The minute we start talking about “Sustainable Fashion”, readers are either disinterested right away or fear the lack of understanding that they have in the subject. The term is so extensively used these days that there is the added difficulty of differentiating the original eco-conscious brands from the faux ones. And the few who are willing to give it a shot are burdened with some two hundred odd questions from “Am I doing this right?” to “Do I really have to compromise on luxurious fashion and trends to be more eco-conscious?”.

We understand that it’s daunting to have to question and change your fashion ways suddenly. Especially when it comes with the added negative assumption of limiting your choices in terms of trends and the need to spend a little more money as opposed to quick fashion. But come to think of it, it really isn’t that tedious. It’s like that thing they tell about cakes. You can make a three ingredient mug cake or a fifteen ingredient triple layer chocolate cake but at the end of the day it’s all about you having baked a cake. We might have gone a little overboard with the food reference here but what we are trying to imply is that it is the thought that matters and we are willing to provide you with the simplest recipe to get there. 

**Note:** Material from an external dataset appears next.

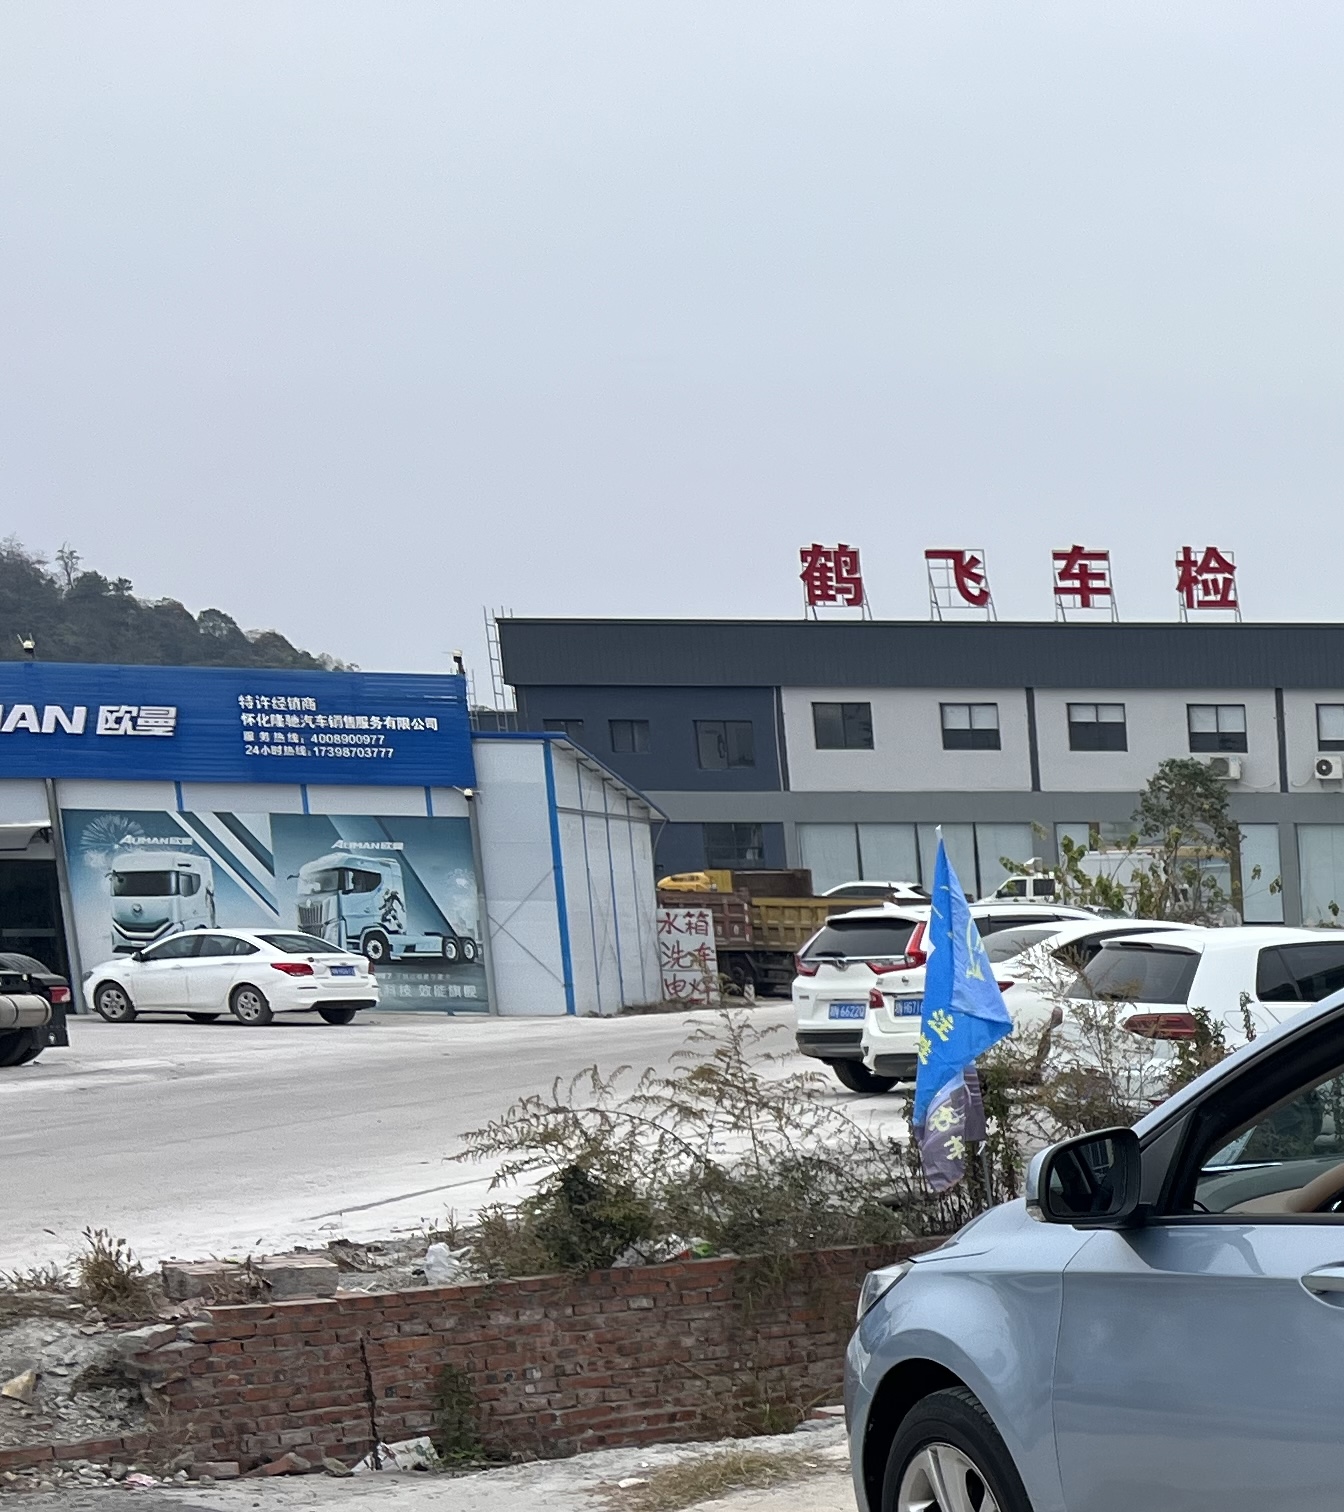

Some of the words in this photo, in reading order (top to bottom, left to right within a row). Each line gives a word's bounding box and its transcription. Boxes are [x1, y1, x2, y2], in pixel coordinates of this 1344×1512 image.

[799, 543, 1238, 609] 鹤飞车检
[0, 704, 88, 735] AN
[96, 705, 177, 736] 欧曼
[656, 910, 709, 936] 水箱

The key to perfecting this recipe is to understand what we as consumers have been doing wrong for so long. It’s necessary to understand where to start this journey and where to shop. And all of this trickles down to doing some research. Check the labels of your clothing for manufacturing processes and research on where to buy ethical clothing. It is necessary to support manufacturers that put in an extra effort towards making sustainable clothing to further encourage the trend. Now this decision to make more eco-conscious choices can even be made while picking fabrics by choosing organically grown ones like cotton and hemp which are better for the environment. 

While buying clothes check how far they’d be useful to you. This is the golden rule of sustainable fashion – Quality over Quantity. Although these clothes can be a little more expensive, they are likely to have a much higher shelf life thus increasing the number of times you can use the same piece of clothing. Look at it as spending as much money one one piece of clothing for an invested period of time as opposed to spending it on several pieces on a much shorter time basis.  In 2016, Livia Firth floated the 30 wears campaign where inorder to promote mindful clothing she suggested that we ask ourselves a simple question everytime we buy a cloth – “Will I wear this at least 30 times?”. Anything below that isn’t worth both your and our environment’s time.

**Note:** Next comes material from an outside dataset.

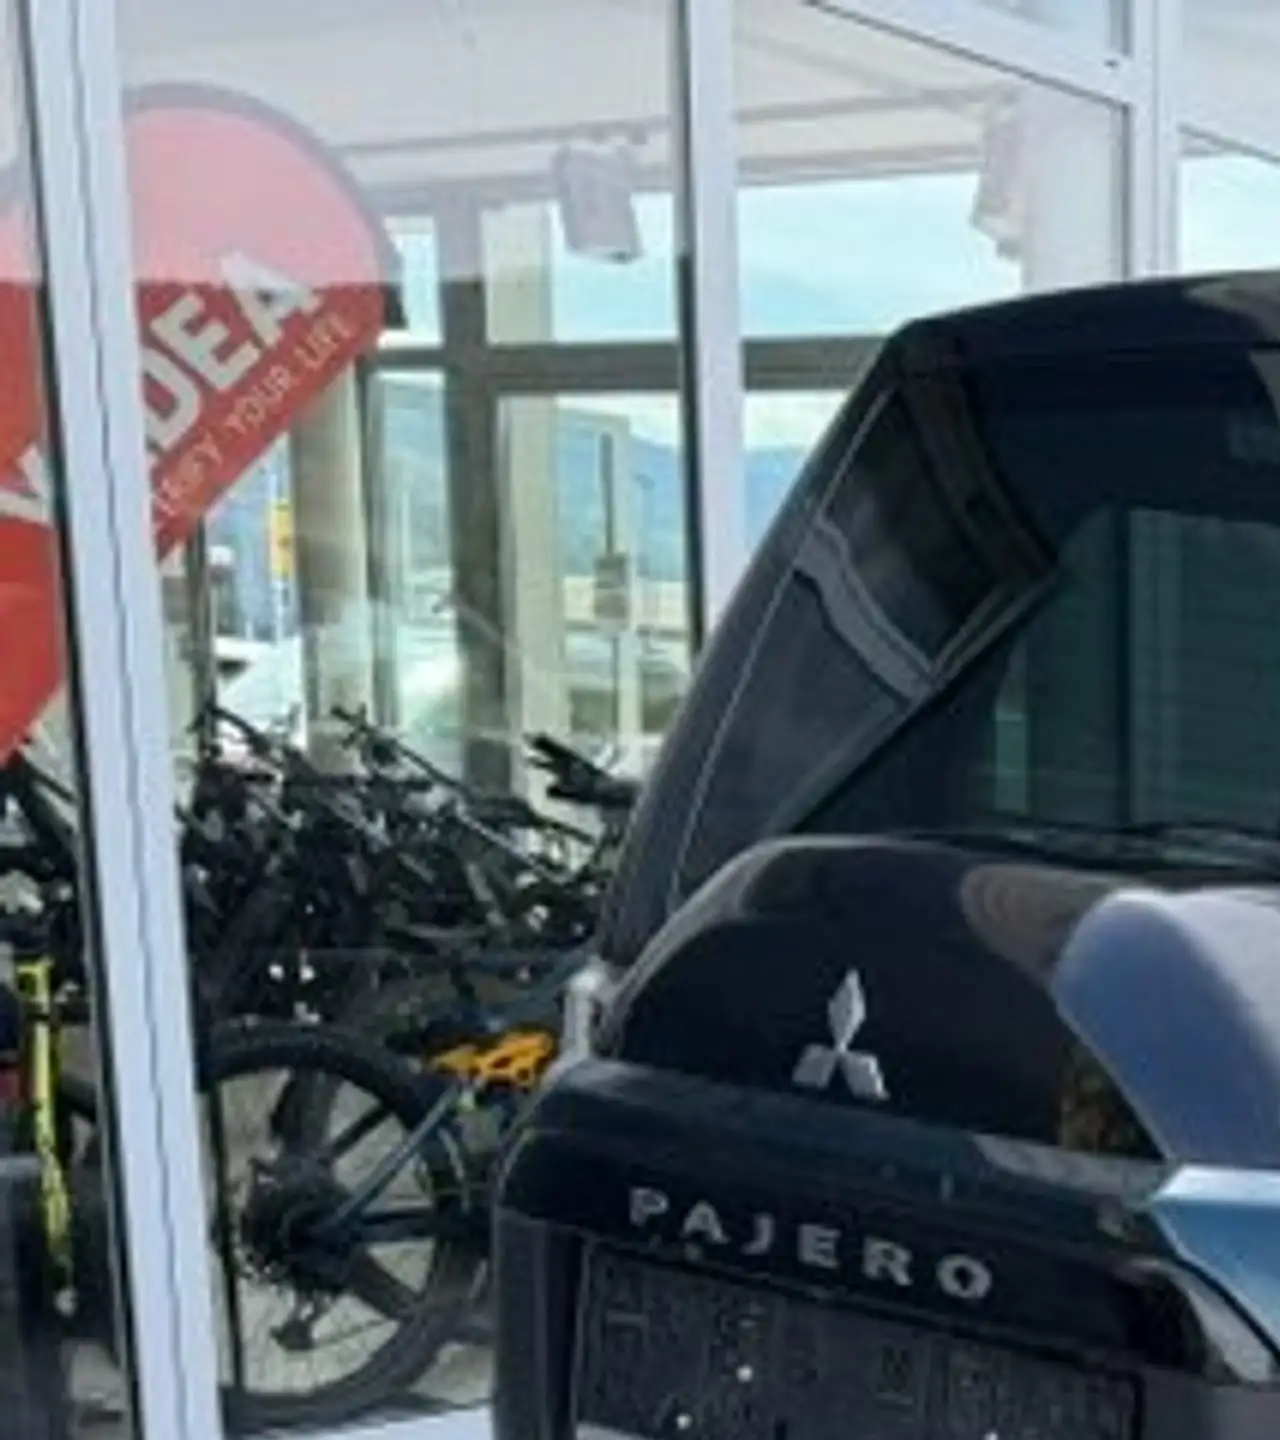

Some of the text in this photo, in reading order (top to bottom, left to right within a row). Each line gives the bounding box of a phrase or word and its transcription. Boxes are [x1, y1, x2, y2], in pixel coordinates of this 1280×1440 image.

[140, 250, 322, 450] DEA
[223, 363, 292, 436] YOUR
[628, 1186, 992, 1300] PAJERO

The next obvious step in this procedure is to shop less. We know how tempting it can get to buy that one trendy top on offer because it was suggested as the OOTD by your favourite influencer. But do you really really need it? Maybe instead you can invest that money on a piece of that triple layer chocolate cake and make yourself and the environment a little more happy. But if you really had to shop, try shopping local.This way you can also encourage local weaves and artisans as much and help support the traditional clothing industry. 

Another way of maximizing utilization is to pick clothes that are trans seasonal so that their usage isn’t limited to a certain period of the year. The idea is to be conscious in every way possible so as to benefit sustainable fashion. Although hard to believe, most of the energy used in the life cycle of cotton happens post-purchase during the stages of washing and drying. So use your clothes to the best utility before putting them to wash and try sun drying them as much as possible. The process of moving to a sustainable lifestyle doesn’t just end at purchase. It is up to us to handle these clothes with care to increase their life cycle. 

Now comes the most interesting step of the recipe. Buying Second hand clothes! Not just because vintage is in trend right now but also because nothing supports sustainability like pre-loved clothes. And  isn’t it exciting to own and utilise clothes that have a history without even knowing what that could’ve been? That’s sure to keep your mind occupied while killing it in your daily look. Flip the coin and you are contributing to an even more sustainable fashion choice. Yes, we are talking about donating unwanted clothes for a good cause. Try giving away that old unused dress that has been hiding in your closet for years now and you’d have helped another person get some comfortable clothing and be more sustainable by investing on your old piece as opposed to a new one. Like Emma Watson rightly said “”Every new item of clothing made has a substantial carbon footprint attached to its manufacturing, but the amount of new energy needed to produce vintage clothing is zero,”

Being Eco conscious doesn’t necessarily mean buying clothing that is oversized, dull looking and ugly. These images of a colourless and drab wardrobe might have kept you away from sustainable fashion for a long time now but not anymore. We at Cotton Monk have always followed and believed that Sustainable fashion is beautiful. You can look absolutely stunning while contributing to a better world. With more brands and manufacturers moving towards making environmentally friendly choices, it’s no more a compromise. Who knows? This three minute recipe might just give you the meal of your life!